The purpose of the trial, named EmbraceAC, is to evaluate whether ATI-5923 is superior to warfarin in its ability to maintain patients within a target therapeutic range of the level of anticoagulation.

Based upon recent interactions with the United States Food and Drug Administration (FDA), ARYx Therapeutics believes this trial could be positioned as one of the required registration studies for ATI-5923. Results will be announced at the end of the second quarter of 2009.

The trial is expected to enroll approximately 600 patients at over fifty clinical study sites in the United States. It is a randomized, double-blind, parallel group, active control study comparing ATI-5923 with warfarin in patients who require chronic, oral anticoagulation.

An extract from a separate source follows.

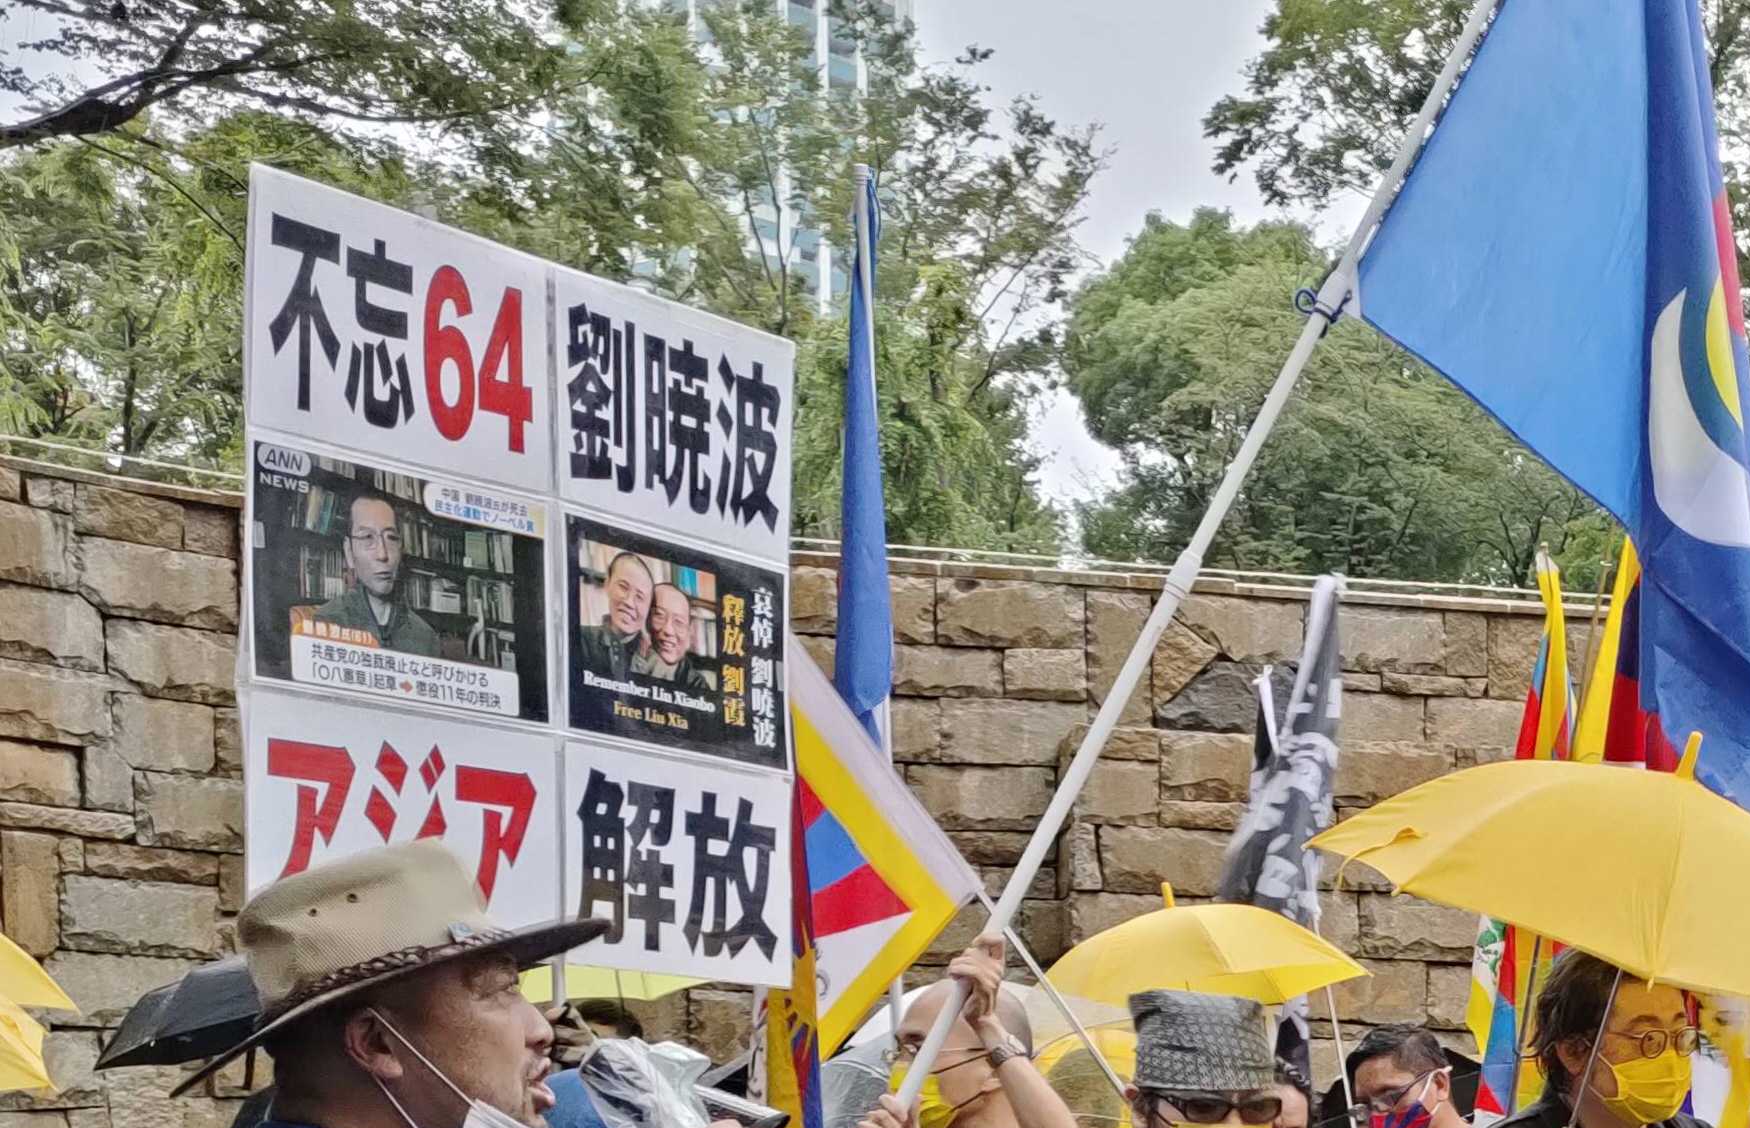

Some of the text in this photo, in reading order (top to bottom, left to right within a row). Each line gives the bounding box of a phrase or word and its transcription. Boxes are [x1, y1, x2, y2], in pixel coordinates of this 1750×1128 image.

The patients will be treated for a minimum of six months. Participants will require anticoagulation therapy to avoid serious blood clotting resulting from any of the following conditions: atrial fibrillation; existence of a prosthetic heart valve; a history of venous thromboembolic disease (DVT/PE); a history of myocardial infarction or cardiomyopathy; or another indication for which they are currently receiving chronic warfarin therapy.

The level of anticoagulation achieved will be measured by the standard method applied to warfarin therapy called the International Normalization Ratio (INR).

The target therapeutic range for warfarin therapy will also be applied to patients administered ATI-5923. The primary endpoint of the trial is to demonstrate that patients are maintained within the target INR range a higher percentage of the time when treated with ATI-5923 than with warfarin.